Allow me to introduce myself. My name is Vinnie Kaz, and I have been growing, smoking, and researching cannabis for the past 30 years. Past and present careers include door to door sales, gold prospecting in northern Cali, ham radio, electrical engineering, and chinese-style martial arts trainer...tai chi, chikung and xingi; these workouts are about to overtake the world! 

I grew up 40 miles west of Chicago. Just after graduating high school, I traveled to Happy Camp, California, in Siskiyou county (northern Cali) in 1981 to dredge for gold on a gold claim located on the Klamath River. This just happened to coincide with the explosion in outdoor-grown, northern california seedless cannabis. When I got there, everybody was growing out in the open, and also smoking it right out in the open! 

After a full summer in California, I had a chance to make some local connections, and soon found myself in possession of multiple strains of very high quality, seedless marijuana, the likes of which I had never seen when living in the Chicago area. At this point in time, almost no one was growing indoors because metal halide grow lights were just coming on to the mass market at prices that people could afford. This was the ultimate party for me: 18 years old, pockets full of gold nuggets, and high quality sinsemilla all around me




. My personal gardens were cultivated on a ridge about 75 feet above my gold claim on the Klamath river. Back then (pre-CAMP) my gardens were 100+ plants (Burning Bush, Purple Afghan #2). When the plants needed watering, the pumps on the gold dredge were used to pump water from the river up to the garden above. Needless to say, a whole bunch of that Cali sinsemilla found its way back to my hometown over the course of the next ten years or so.

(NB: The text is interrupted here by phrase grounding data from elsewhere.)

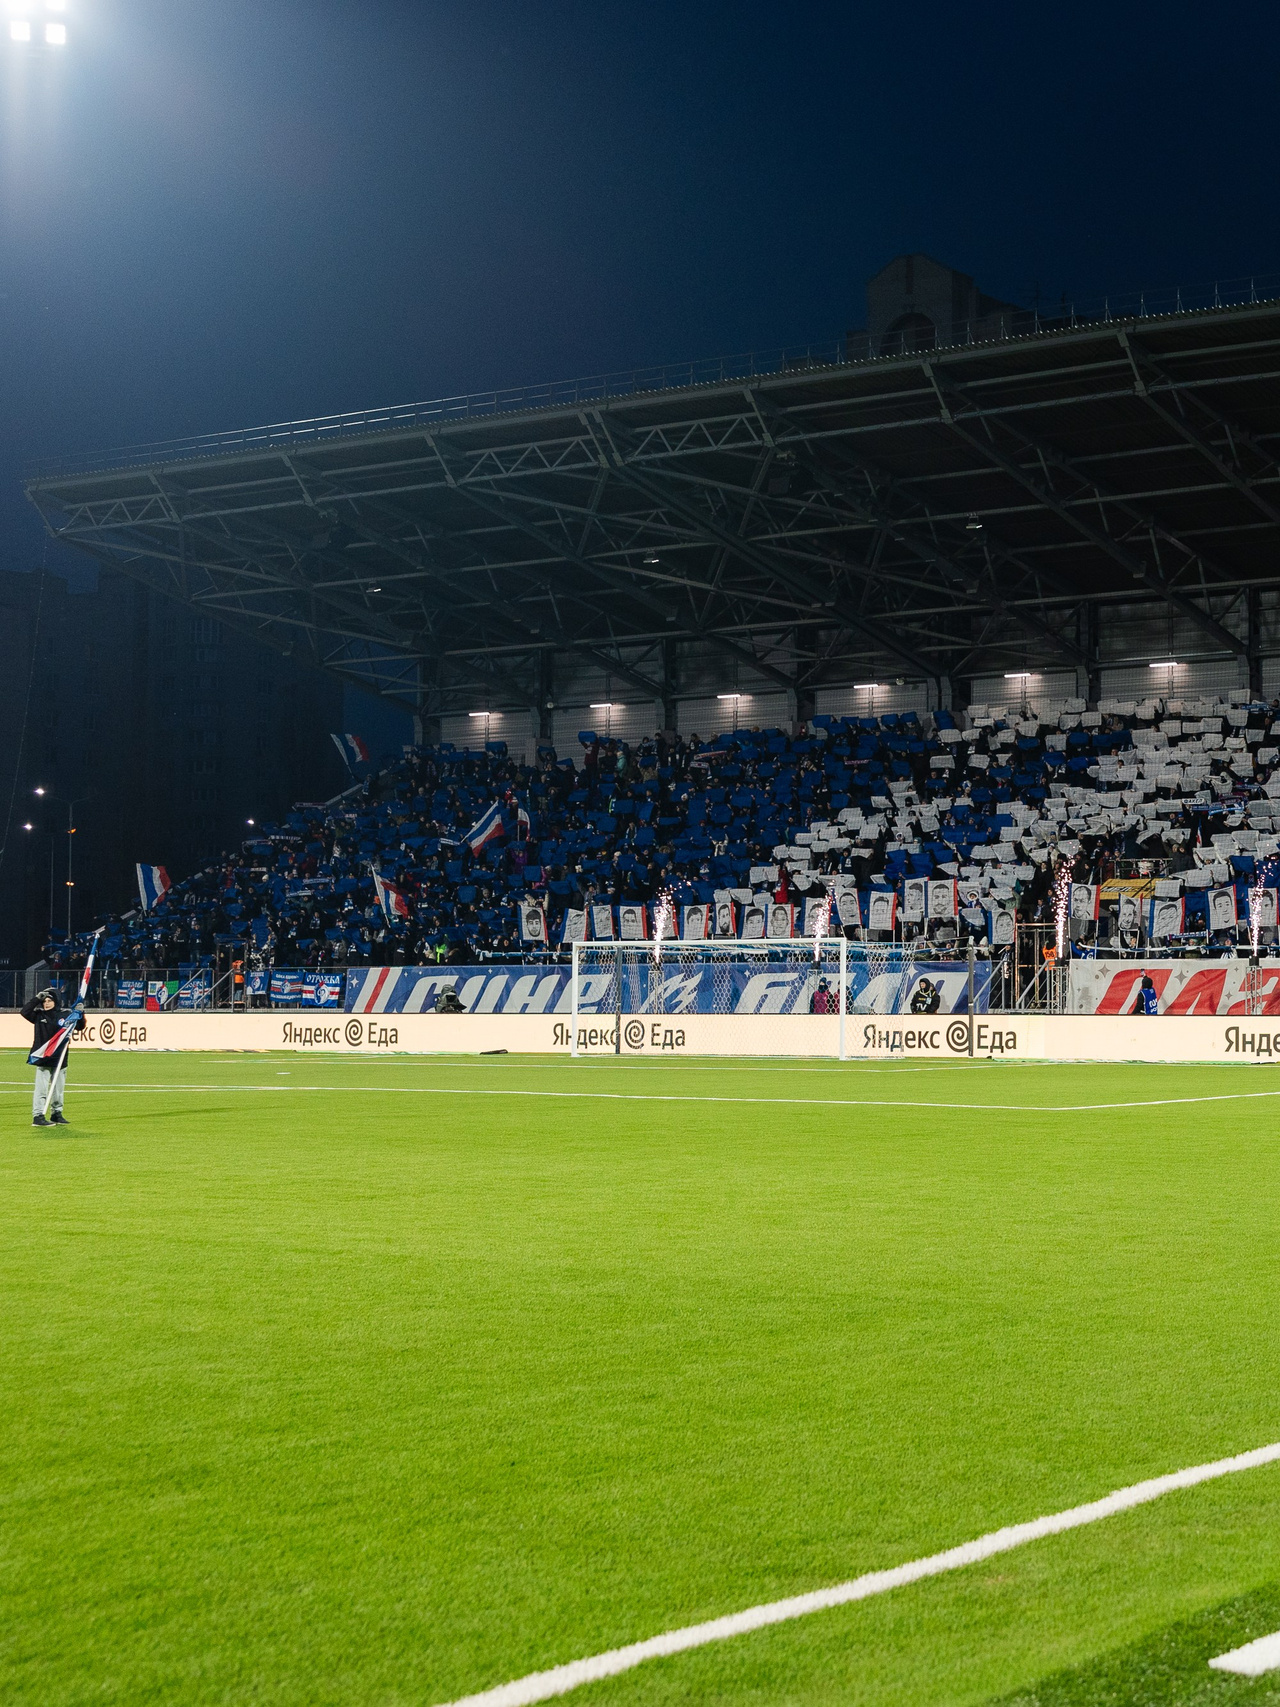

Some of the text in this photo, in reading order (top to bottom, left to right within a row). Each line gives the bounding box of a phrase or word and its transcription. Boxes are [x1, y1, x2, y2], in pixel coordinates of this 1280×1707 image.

[916, 1003, 927, 1011] TV
[120, 1022, 146, 1044] Еда
[283, 1022, 397, 1047] Яндекс Еда
[651, 1023, 685, 1049] Еда
[863, 1024, 1017, 1053] Яндекс Еда

Over the past 30 years, I have lived in Illinois, northern California, and about a dozen points in-between. I have always tried to move to areas that were "hotbeds" of marijuana cultivation, and, over the decades, many connections and friendships were established with a multitude of professional, outdoor cannabis growers. These relationships have allowed to me to observe, first hand, many of the most closely guarded trade secrets and old-school techniques, used by these professionals to triple their garden yields, increase security, repel cannabis-munching critters, and reduce the amount of back-breaking labor required to set up a clandestine garden.

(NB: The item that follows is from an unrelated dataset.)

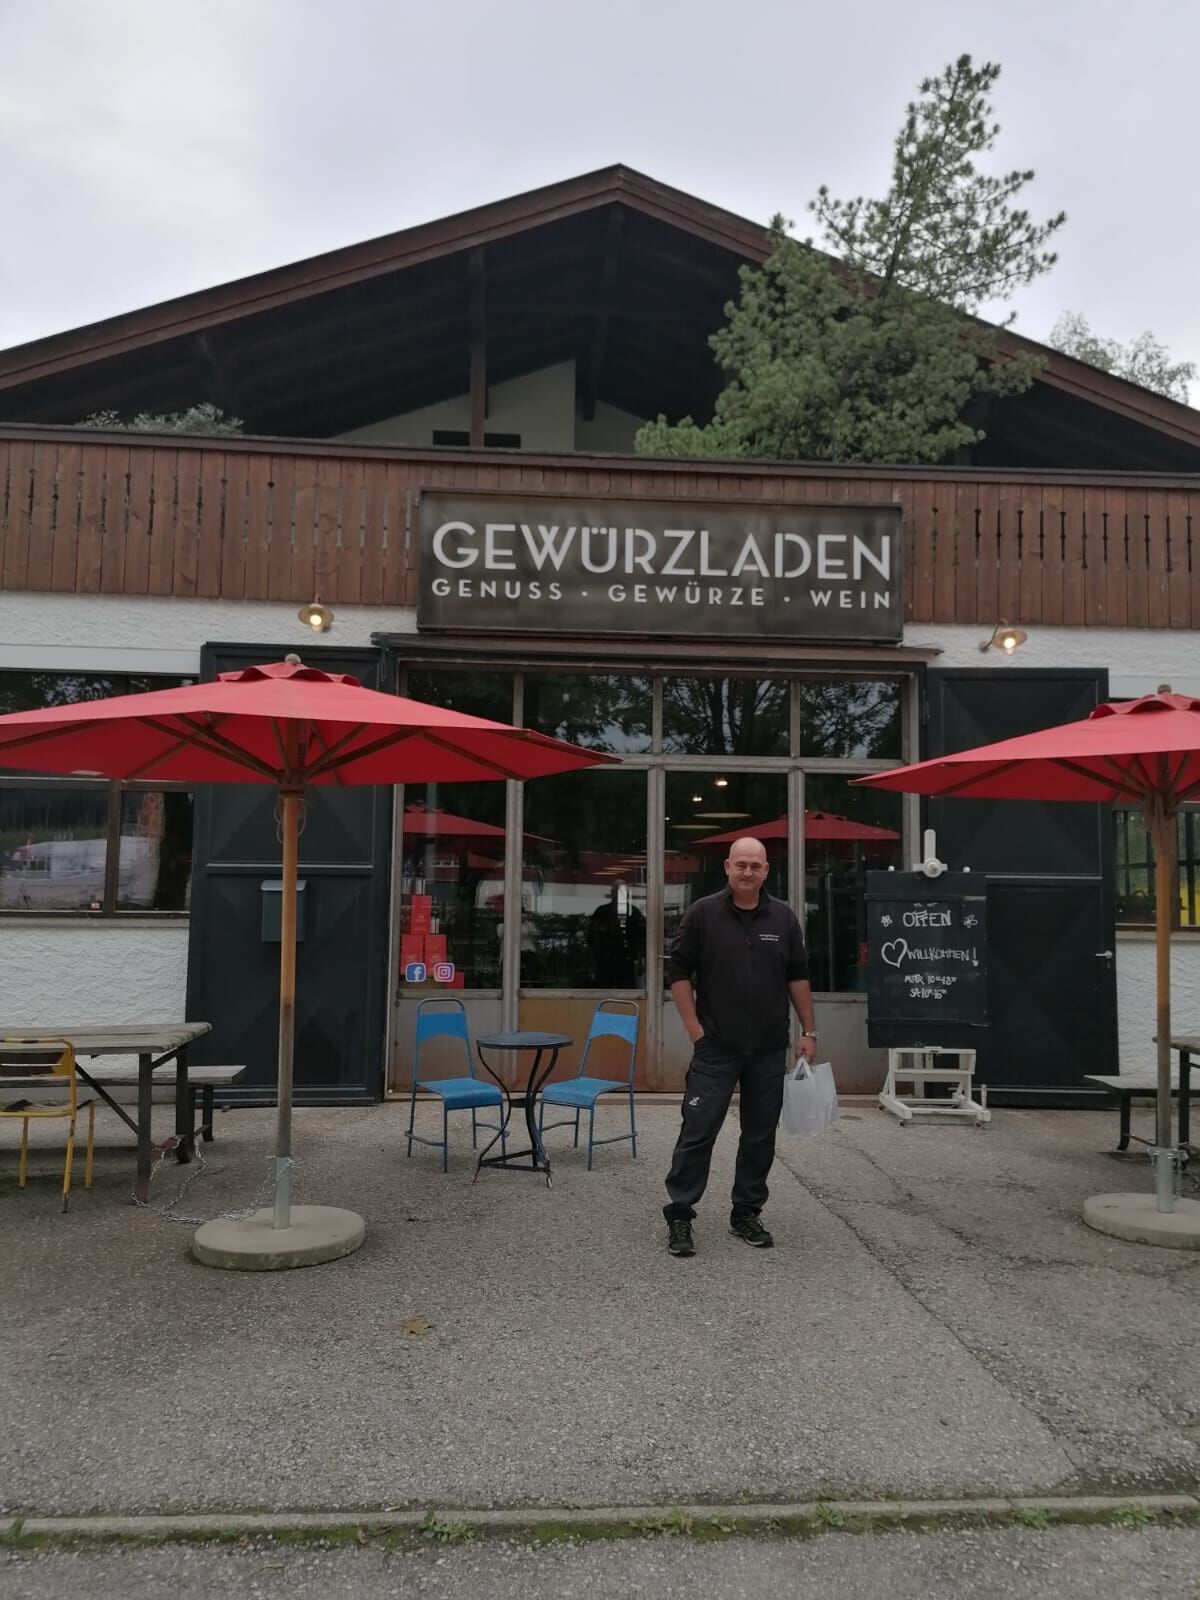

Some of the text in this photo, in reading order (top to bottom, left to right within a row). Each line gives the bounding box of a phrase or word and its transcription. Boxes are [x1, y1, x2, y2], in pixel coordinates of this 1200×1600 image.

[432, 521, 891, 581] GEWÜRZLADEN
[432, 578, 890, 609] GENUSS GEWÜRZE WEIN
[903, 910, 952, 927] OFFEN

Over the past 8 years, I have collected this multitude of growing information into a large database. After interviewing fellow outdoor growers (over 12 different states) and recording their experiences, trade secrets, and growing techniques, this information was added to the database. After this, I turned to scouring the internet for many years, collecting and gathering information from the literally millions of available sources on the world wide web, including chat rooms, growers forums, seed banks, growing websites, blogs, and even main stream gardening websites (why reinvent the wheel?). Many of these chat rooms and portals have now been shut down by the government, and are no longer in existence: Overgrow, Cannabinoid, The SeedBank, SSSC, Hemp QC, Emery Seeds, etc. 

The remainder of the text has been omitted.